Salesforce polling versus callouts

What is polling?

Polling means actively sampling the status of a service by a client program as a synchronous activity. Polling is most often used in terms of  getting actual state. Applications typically poll for changed data periodically.

In Salesforce, the client program wants to get information about created, updated or deleted Objects.

What is Salesforce callout?

Salesforce ‘Callout’ means some kind of Apex Web Service. Apex supports the ability to write Apex logic and expose the logic as a web service. Therefore an external application can invoke this Apex web service to perform custom logic.

With ‘Callouts’, where Apex invokes an external web service, Apex provides integration with Web services that utilize SOAP and WSDL, or HTTP services (RESTful services).

Compared to polling, ‘Callouts’ notify the client program and the client program can process information.

Callouts vs. Polling – main differences

Callouts are also known as weebhooks, which provide your application with a way of consuming new event data from an endpoint. However, instead of sending repeated requests for new events, you provide the endpoint with a URL, usually within the endpoint UI, which your application monitors.

The concept of polling is very simple: send a request for new events (specifically Create, Retrieve, Update and Delete events which signal changes in data) at a predetermined frequency.

When using polling, the frequency of your polls limits how up-to-date your event data is. If your polling frequency is every 1 hour, the events returned by any poll could have happened any time in the past 1 hour. This means that any time an event occurs in the endpoint, your app will be out-of-date until the next poll. If you have frequent calls, it could consume a lot of API requests and you can reach limits really easy and soon.

With callouts, this problem is eliminated. Since events are posted immediately to your monitored URL, your apps will automatically update themselves with the new data almost instantly. On the other side, you should take care of properly processing the callout, because if you might lose important data.

How to create Salesforce callout?

Login into the Salesforce.

Go to the Setup.

Define new Named Credential.

  1. Go to the Setup and in the Quick search field write Named Credential.
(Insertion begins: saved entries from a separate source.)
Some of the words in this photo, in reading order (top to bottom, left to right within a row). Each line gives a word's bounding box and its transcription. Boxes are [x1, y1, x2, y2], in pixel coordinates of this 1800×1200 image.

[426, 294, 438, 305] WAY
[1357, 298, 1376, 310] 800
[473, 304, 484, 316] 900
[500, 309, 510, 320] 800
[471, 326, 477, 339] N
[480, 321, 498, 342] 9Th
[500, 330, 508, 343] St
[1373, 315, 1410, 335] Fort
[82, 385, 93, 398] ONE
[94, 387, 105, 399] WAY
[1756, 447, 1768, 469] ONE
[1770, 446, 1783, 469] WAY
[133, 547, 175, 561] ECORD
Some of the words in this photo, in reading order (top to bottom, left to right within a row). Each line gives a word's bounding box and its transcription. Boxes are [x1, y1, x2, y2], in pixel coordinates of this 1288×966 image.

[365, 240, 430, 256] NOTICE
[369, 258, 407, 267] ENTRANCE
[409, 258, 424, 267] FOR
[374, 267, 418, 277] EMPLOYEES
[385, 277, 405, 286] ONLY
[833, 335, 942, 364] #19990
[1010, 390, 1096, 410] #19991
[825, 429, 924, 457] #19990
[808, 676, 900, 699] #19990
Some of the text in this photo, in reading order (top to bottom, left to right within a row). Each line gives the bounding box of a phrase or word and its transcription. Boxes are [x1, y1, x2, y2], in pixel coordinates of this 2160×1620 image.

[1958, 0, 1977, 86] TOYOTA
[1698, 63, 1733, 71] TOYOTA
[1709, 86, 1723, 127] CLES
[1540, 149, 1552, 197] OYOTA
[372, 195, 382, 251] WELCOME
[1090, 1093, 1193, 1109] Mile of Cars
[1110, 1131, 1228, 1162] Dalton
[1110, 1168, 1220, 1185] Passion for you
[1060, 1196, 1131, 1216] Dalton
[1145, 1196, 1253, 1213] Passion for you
  2. Define label, name and the URL (in our case redirect url) which our webhook should hit. (For the testing purpose I recommend to use www.requestb.in to generate our testing endpoint)

  3. Click Save.

Create Apex Class.

    1. Go to the Setup and in the Quick search field write Apex Classes.
    2. Create New class and write code with your requirements.

Example sending all Cases with IDs from ids set to URL specified by ‘test’ Naming credential through POST method:

public class MyCase {

    @Future(callout=true)
    public static void getCalloutCasesContents(Set<ID> ids) 
        String queryString = 'SELECT Status, Priority, CaseNumber, Id FROM Case  WHERE ';
        for (ID objId : ids) {            
            queryString += 'Id=\'' + objId + '\' OR ';
        } 
        // Remove the last ' OR'        
        queryString = queryString.subString(0, queryString.length() - 4);
        sObject[] objDBList = Database.query(queryString);
        JSONGenerator gen = JSON.createGenerator(true);
        gen.writeObject(objDBList);
        Http h = new Http();
        HttpRequest req = new HttpRequest();
        // set the enpoint URL to your Named Credential   
        req.setEndpoint('callout:test');
        req.setMethod('POST');    
        // Send the request, and return a response    
        req.setBody(gen.getAsString());
        HttpResponse res = h.send(req);
        System.debug(res.getBody());
    }
}

Create Apex Trigger for default Object (in our case Case).

  1. Go to the Setup and in the Quick search field write Cases and select Case Triggers.
  2. Create New class and write code with your requirements.

Example demonstrates implementation for trigger which is triggered every time new object Case is created. Then we get all the IDs (because there could be bulk operation) and use our static method from MyCase example apex class.

trigger CaseTrigger on Case (after insert) {
     Case[] cases = Trigger.new;
     Set<ID> ids = new Set<ID();  
     for (Case c: cases){ 
        ids.add(c.Id);          
     }
     MyCase.getCalloutCasesContents(ids);
}

Callouts bring a lot of opportunities

Now, when we know, what callouts are, how to implement them, it is good to know, that they bring much more. As we mentioned before, they are defined by Apex classes using Salesforce Apex language.

You can develop your own logic, JSON responses, transformations, retry mechanism, hashing or encryption of the payload response or handling specific cases if callout should be sent or not. There are also many ‘Apex libraries‘ called ‘Force.com Labs’ apps available here.

To sum it up, callouts define new approach, which is much more efficient and cheaper. If you develop a new app, you should definitely try it.